##### Input material

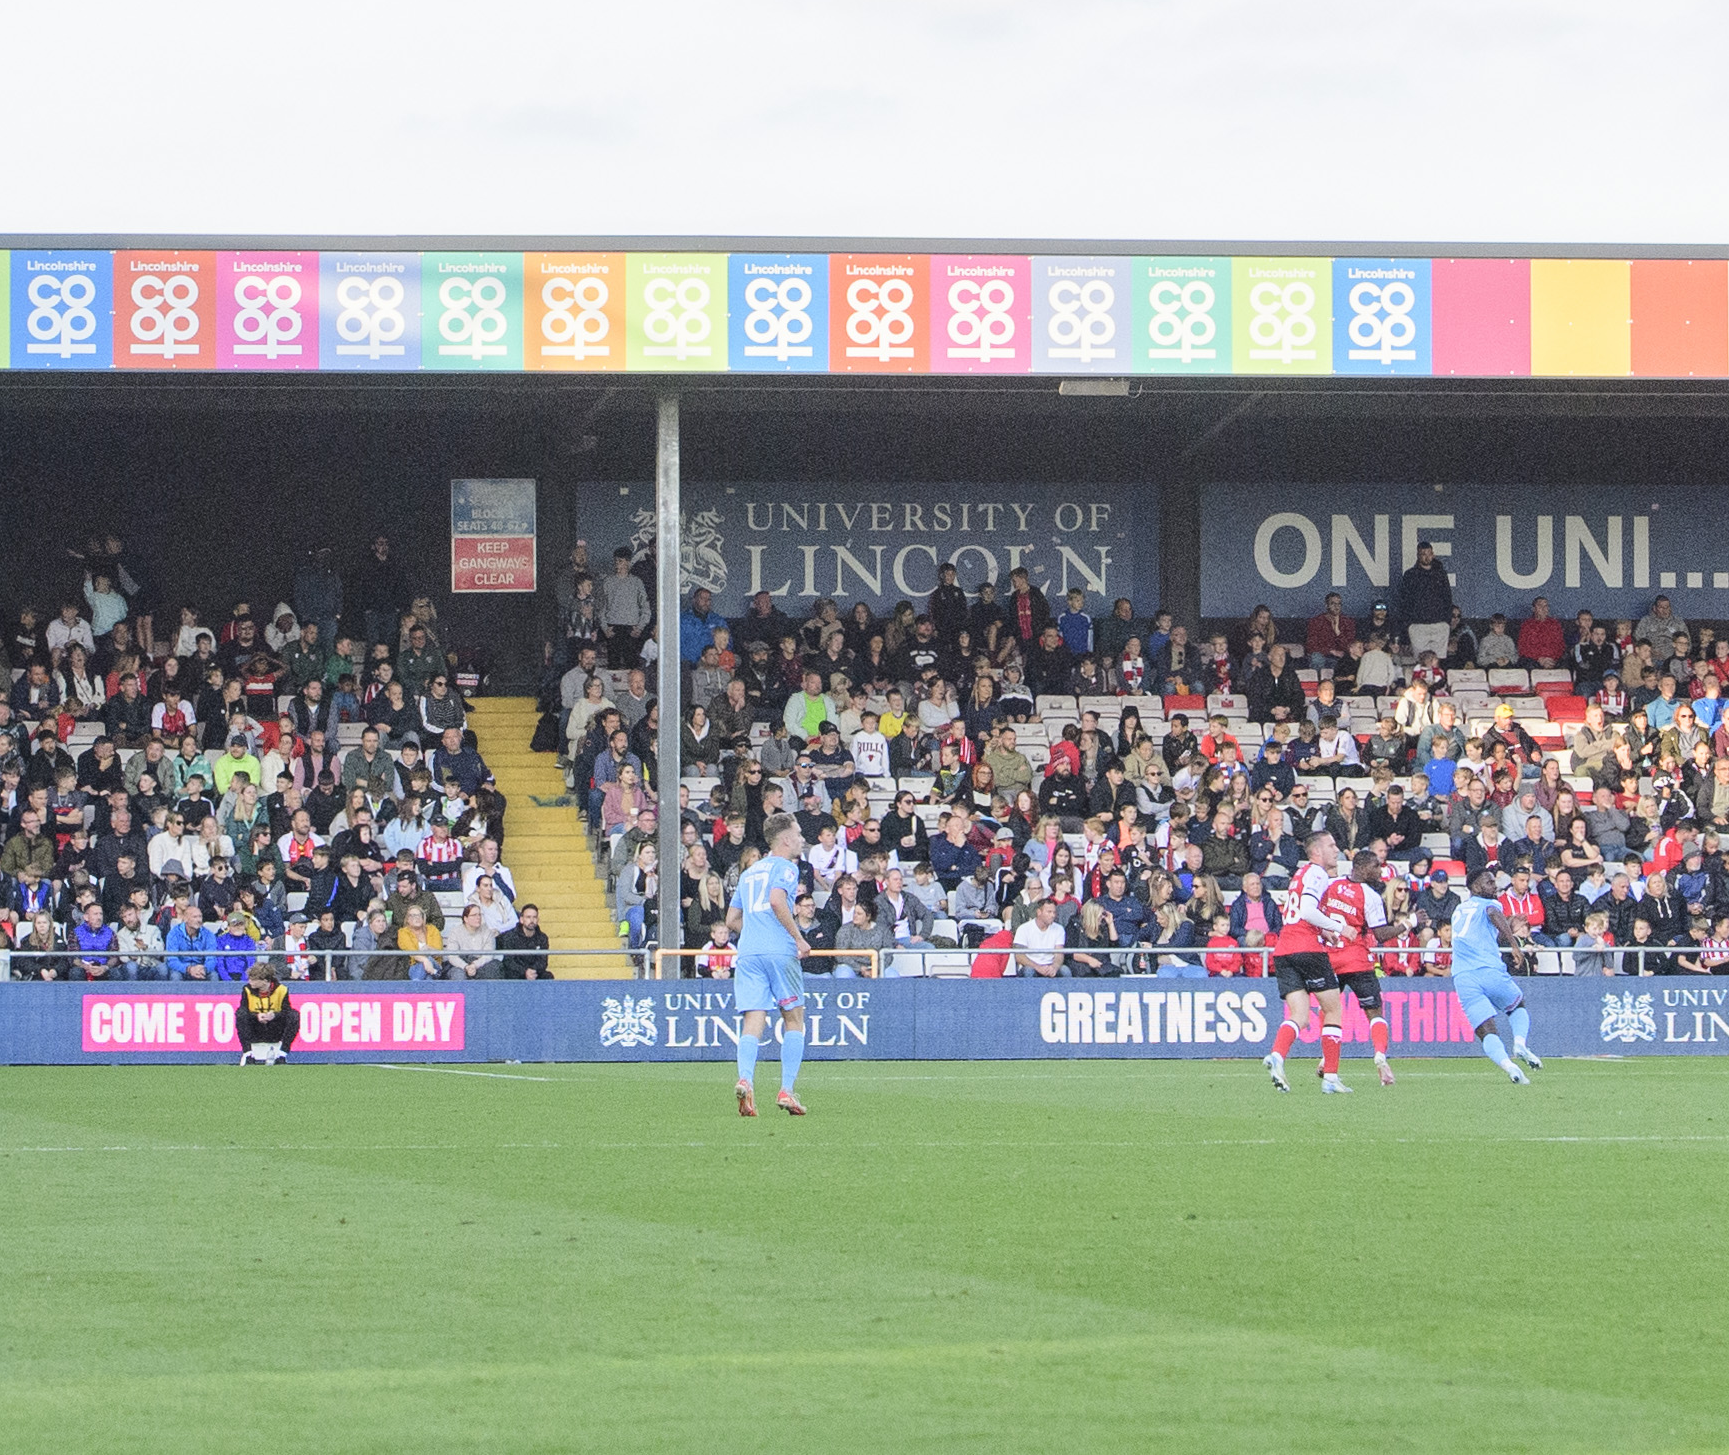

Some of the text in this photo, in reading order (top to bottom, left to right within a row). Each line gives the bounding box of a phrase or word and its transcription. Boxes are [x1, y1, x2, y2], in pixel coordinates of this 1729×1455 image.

[26, 260, 97, 272] Lincolnshire
[130, 260, 200, 272] Lincolnshire
[233, 261, 303, 273] Lincolnshire
[336, 262, 405, 273] Lincolnshire
[438, 262, 507, 273] Lincolnshire
[540, 263, 610, 275] Lincolnshire
[643, 264, 711, 275] Lincolnshire
[744, 263, 813, 275] Lincolnshire
[846, 264, 915, 276] Lincolnshire
[947, 265, 1015, 277] Lincolnshire
[1047, 266, 1116, 277] Lincolnshire
[1148, 266, 1216, 278] Lincolnshire
[1248, 268, 1316, 279] Lincolnshire
[1348, 268, 1416, 280] Lincolnshire
[746, 503, 1112, 531] UNIVERSITY OF
[457, 521, 487, 531] SEATS
[477, 542, 509, 553] KEEP
[1253, 512, 1729, 589] ONE UNI...
[459, 558, 529, 569] GANGWAYS
[744, 544, 1112, 597] LINCOLN
[475, 573, 514, 585] CLEAR
[744, 872, 771, 913] 12
[837, 992, 870, 1009] OF
[90, 1001, 455, 1044] COME TO OPEN DAY
[1041, 991, 1267, 1044] GREATNESS
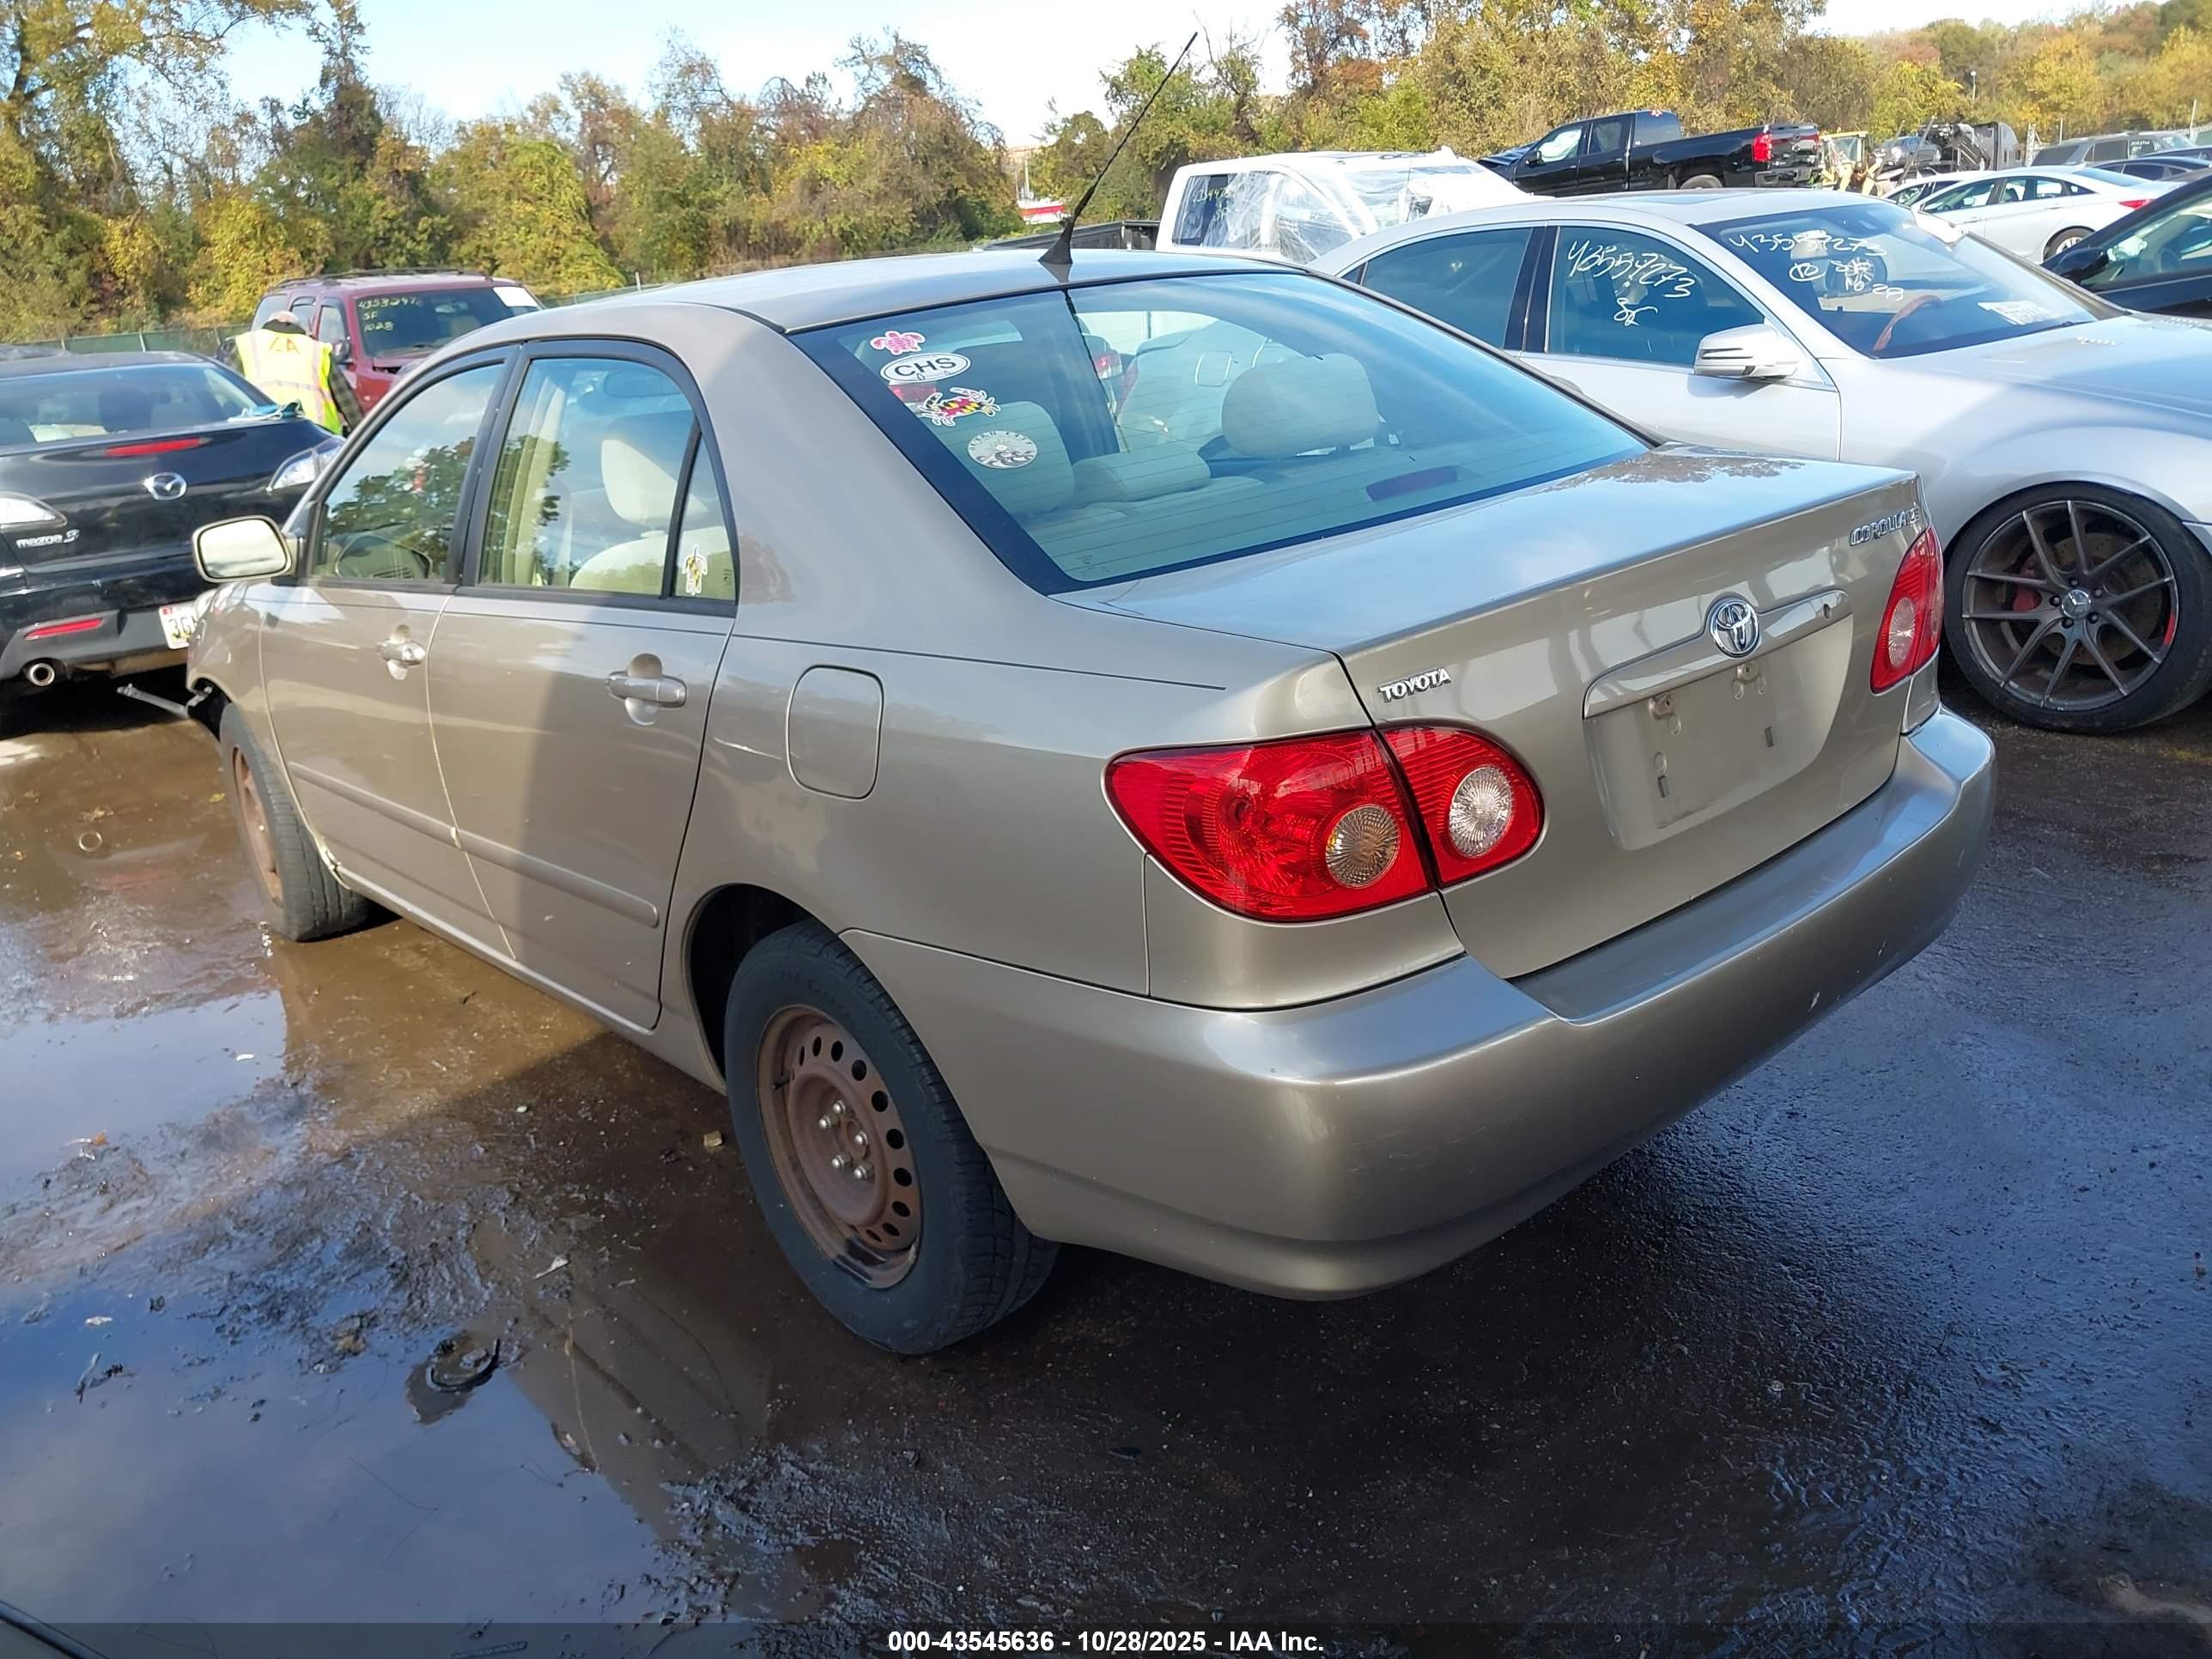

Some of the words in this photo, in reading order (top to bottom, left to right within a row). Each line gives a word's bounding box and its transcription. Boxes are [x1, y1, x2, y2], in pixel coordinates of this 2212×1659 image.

[894, 356, 957, 377] CHS
[1850, 510, 1907, 546] COROLLA
[1377, 667, 1451, 703] TOYOTA

##########

> **Directions for this task**
Without including a single picture, restate all of the data word for word.

> **Written solution**
Some of the text in this photo, in reading order (top to bottom, left to right within a row). Each line gives the bounding box of a phrase or word and its transcription. Boxes are [x1, y1, x2, y2], in pixel coordinates of this 1729×1455 image.

[26, 260, 97, 272] Lincolnshire
[130, 260, 200, 272] Lincolnshire
[233, 261, 303, 273] Lincolnshire
[336, 262, 405, 273] Lincolnshire
[438, 262, 507, 273] Lincolnshire
[540, 263, 610, 275] Lincolnshire
[643, 264, 711, 275] Lincolnshire
[744, 263, 813, 275] Lincolnshire
[846, 264, 915, 276] Lincolnshire
[947, 265, 1015, 277] Lincolnshire
[1047, 266, 1116, 277] Lincolnshire
[1148, 266, 1216, 278] Lincolnshire
[1248, 268, 1316, 279] Lincolnshire
[1348, 268, 1416, 280] Lincolnshire
[746, 503, 1112, 531] UNIVERSITY OF
[457, 521, 487, 531] SEATS
[477, 542, 509, 553] KEEP
[1253, 512, 1729, 589] ONE UNI...
[459, 558, 529, 569] GANGWAYS
[744, 544, 1112, 597] LINCOLN
[475, 573, 514, 585] CLEAR
[744, 872, 771, 913] 12
[837, 992, 870, 1009] OF
[90, 1001, 455, 1044] COME TO OPEN DAY
[1041, 991, 1267, 1044] GREATNESS

Some of the words in this photo, in reading order (top to bottom, left to right within a row). Each line gives a word's bounding box and its transcription. Boxes are [x1, y1, x2, y2], in pixel coordinates of this 2212×1659 image.

[894, 356, 957, 377] CHS
[1850, 510, 1907, 546] COROLLA
[1377, 667, 1451, 703] TOYOTA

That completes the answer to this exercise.